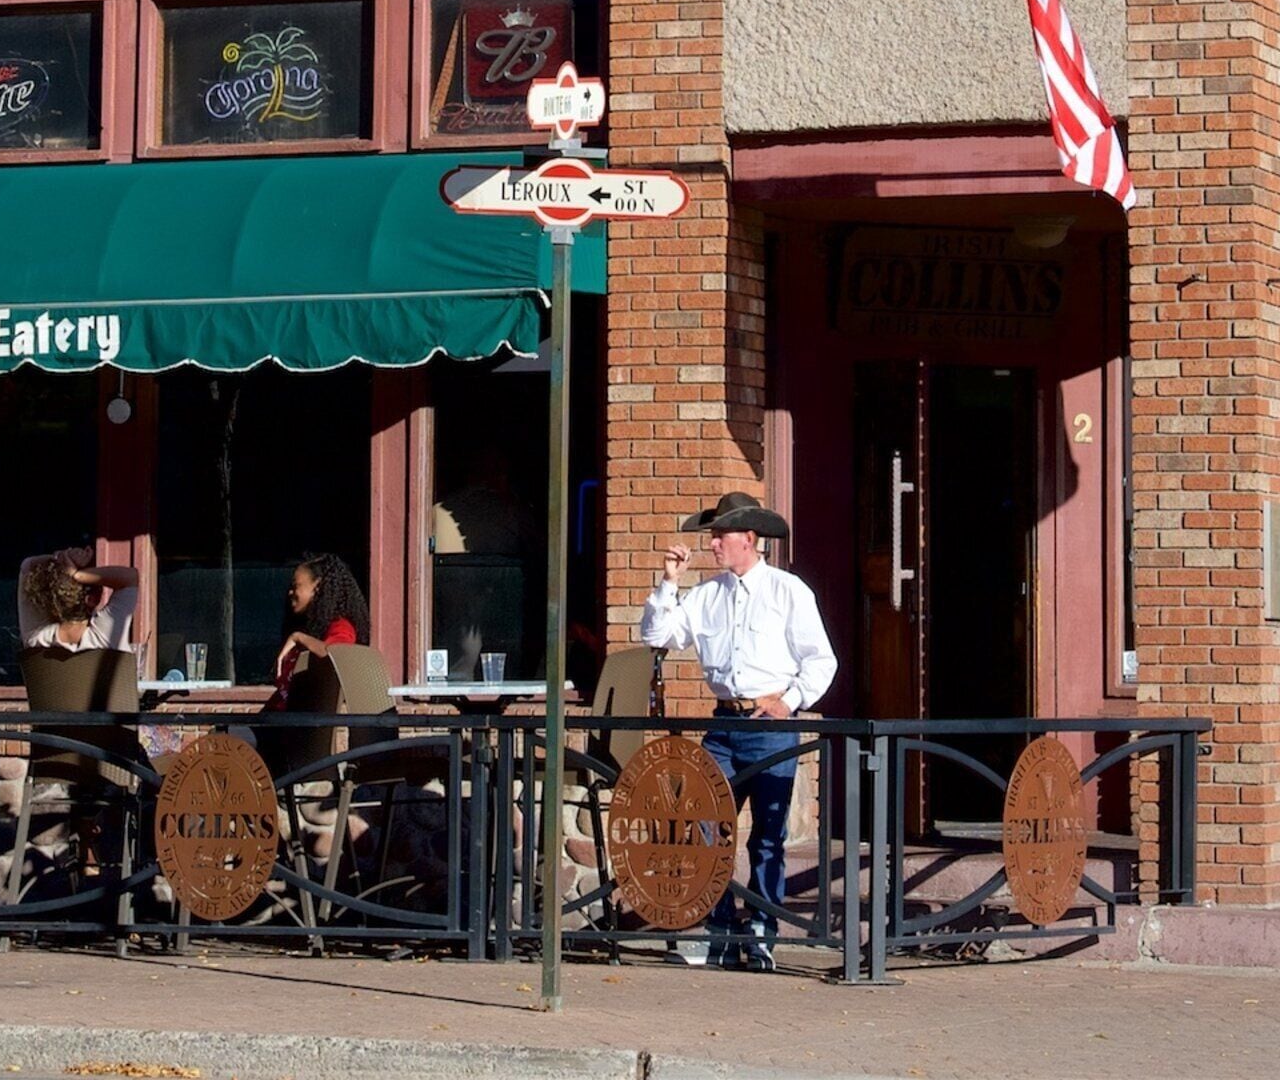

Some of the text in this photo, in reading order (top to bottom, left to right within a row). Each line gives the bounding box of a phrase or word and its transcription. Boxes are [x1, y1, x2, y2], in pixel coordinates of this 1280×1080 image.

[205, 65, 319, 119] Corona
[543, 95, 564, 117] ROUTE
[501, 180, 571, 203] LEROUX
[623, 180, 648, 195] ST
[643, 198, 656, 213] N
[850, 257, 1065, 314] COLLINS
[1073, 413, 1093, 444] 2
[643, 740, 672, 766] PUB
[162, 758, 189, 802] IRISH
[684, 796, 702, 811] 66
[159, 812, 275, 840] COLLINS
[611, 816, 734, 849] COLLINS
[1007, 817, 1086, 845] COLLINS
[656, 882, 690, 900] 1997
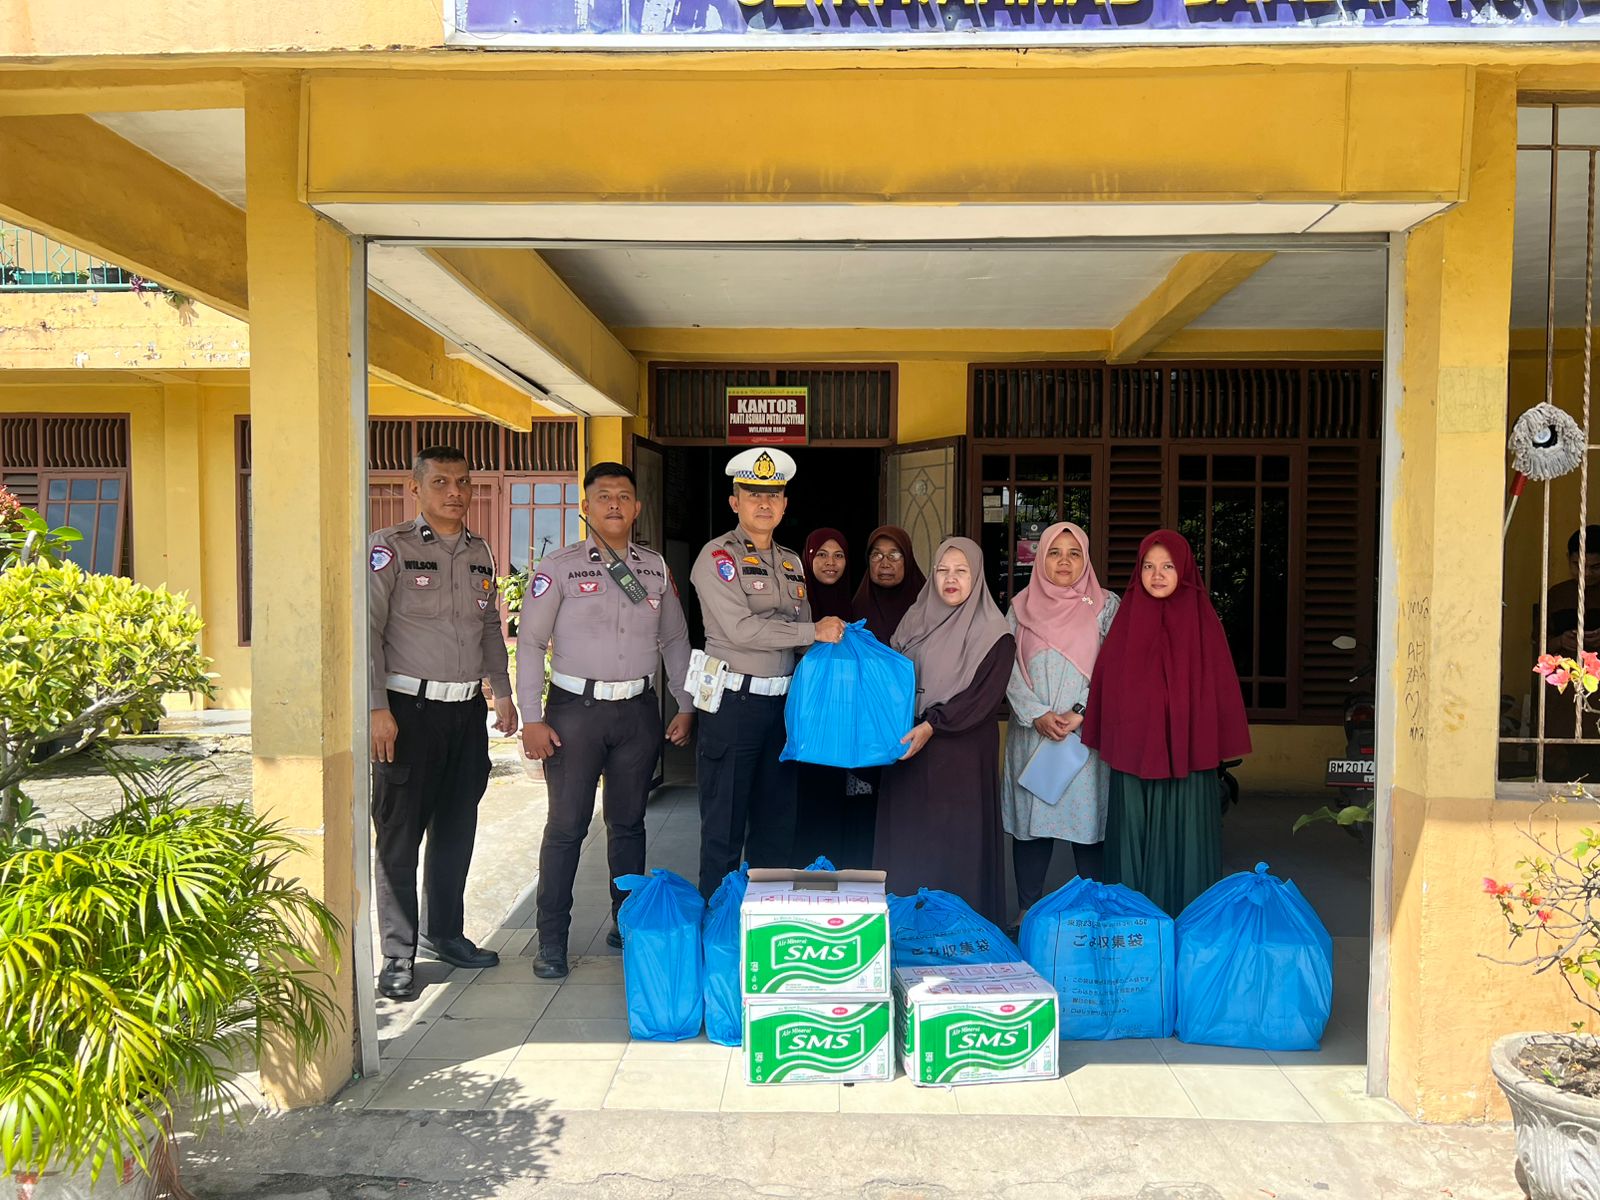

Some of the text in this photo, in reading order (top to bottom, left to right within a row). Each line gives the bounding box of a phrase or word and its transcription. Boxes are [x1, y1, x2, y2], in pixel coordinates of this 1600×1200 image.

[737, 399, 797, 413] KANTOR
[729, 413, 745, 425] PANTI
[745, 413, 765, 425] ASUHAN
[404, 560, 438, 571] WILSON
[567, 569, 603, 579] ANGGA
[777, 937, 787, 947] Air
[783, 945, 848, 961] SMS
[781, 1027, 812, 1037] Air Mineral
[951, 1026, 981, 1037] Air Mineral
[788, 1033, 852, 1050] SMS
[957, 1031, 1019, 1049] SMS
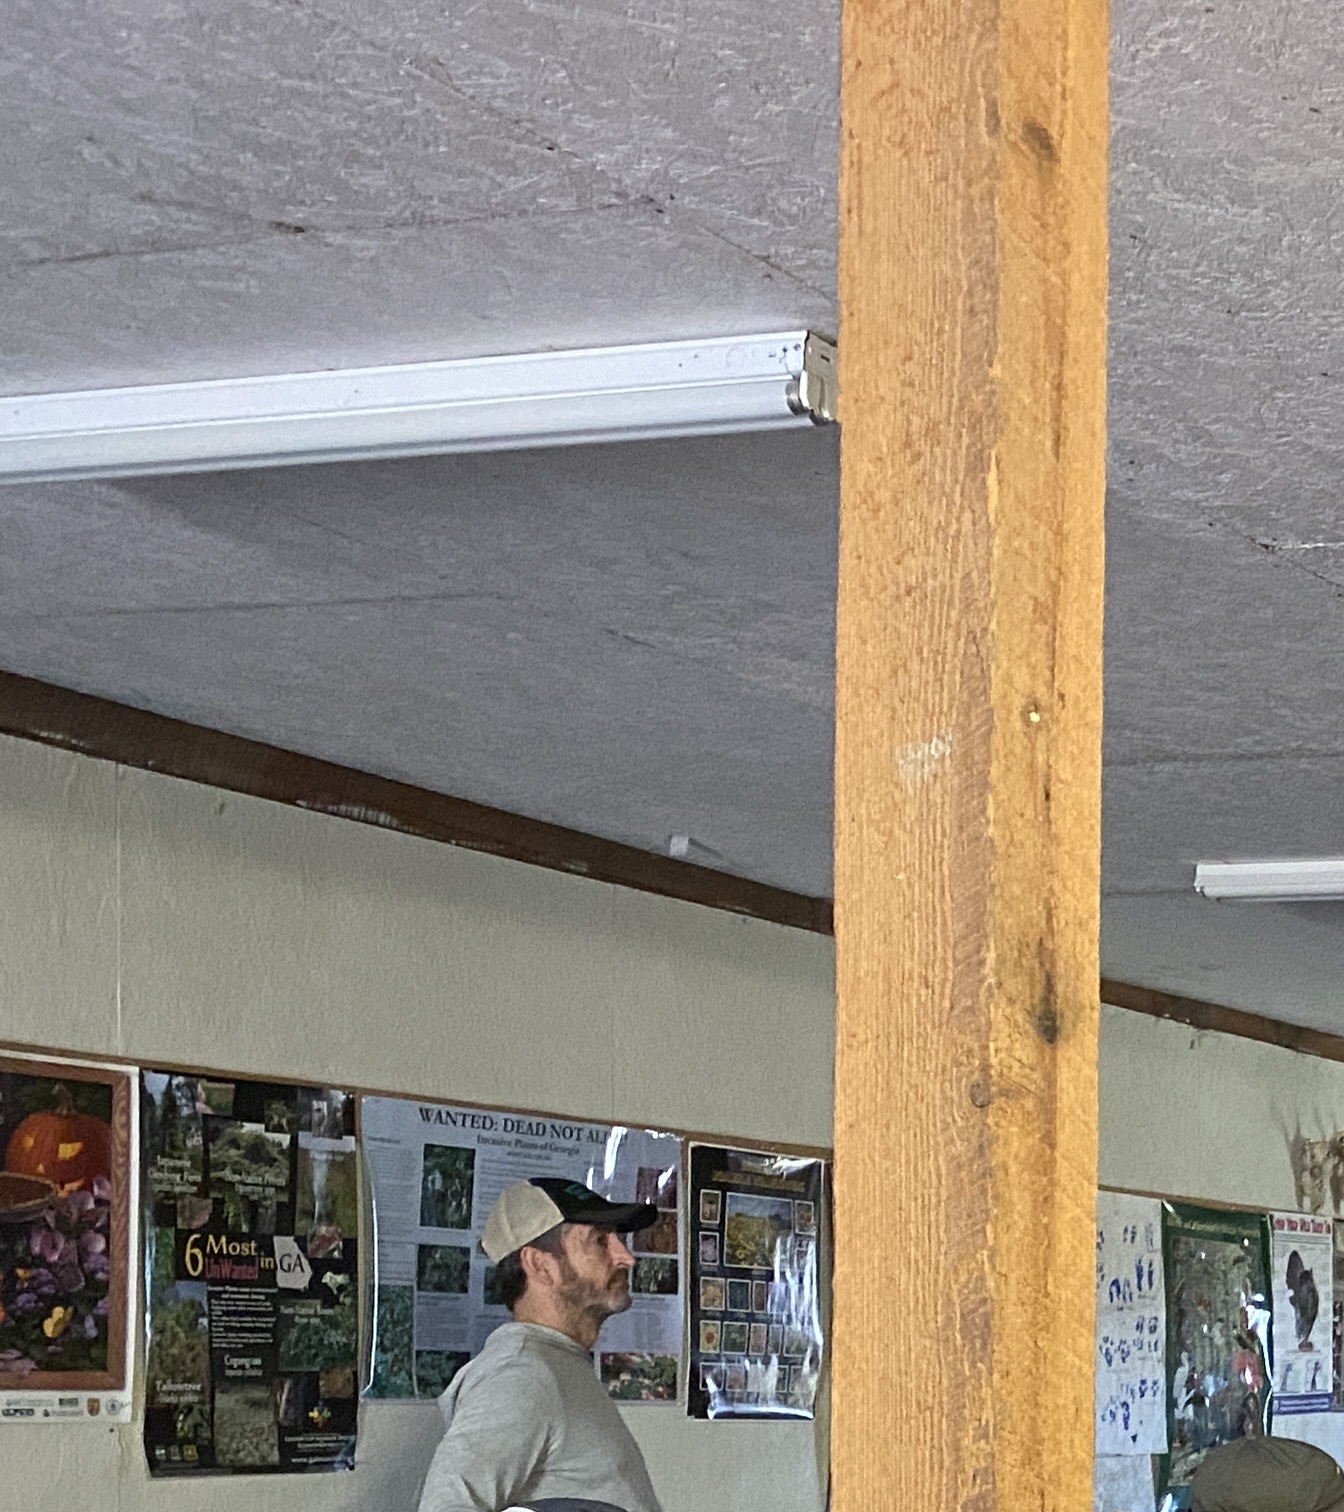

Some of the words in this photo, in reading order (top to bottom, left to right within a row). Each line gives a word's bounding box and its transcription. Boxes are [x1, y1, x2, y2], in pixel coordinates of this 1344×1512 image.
=-=-=-=-=
What needs to be done | Take the line containing "this 1600×1200 image." as the first line and the last line of the data above as the final one, and output exactly the lines between them, inclusive, with no pictures.

Output below |
Some of the text in this photo, in reading order (top to bottom, left to right within a row). Each line gives the bounding box of a phrase or word and its transcription. Boxes are [x1, y1, x2, y2], in pixel coordinates of this 1600×1200 image.

[737, 399, 797, 413] KANTOR
[729, 413, 745, 425] PANTI
[745, 413, 765, 425] ASUHAN
[404, 560, 438, 571] WILSON
[567, 569, 603, 579] ANGGA
[777, 937, 787, 947] Air
[783, 945, 848, 961] SMS
[781, 1027, 812, 1037] Air Mineral
[951, 1026, 981, 1037] Air Mineral
[788, 1033, 852, 1050] SMS
[957, 1031, 1019, 1049] SMS

Some of the words in this photo, in reading order (top to bottom, left to right within a row). Each line gives a word's bounding box and its transcription. Boxes are [x1, y1, x2, y2], in pixel coordinates of this 1344×1512 image.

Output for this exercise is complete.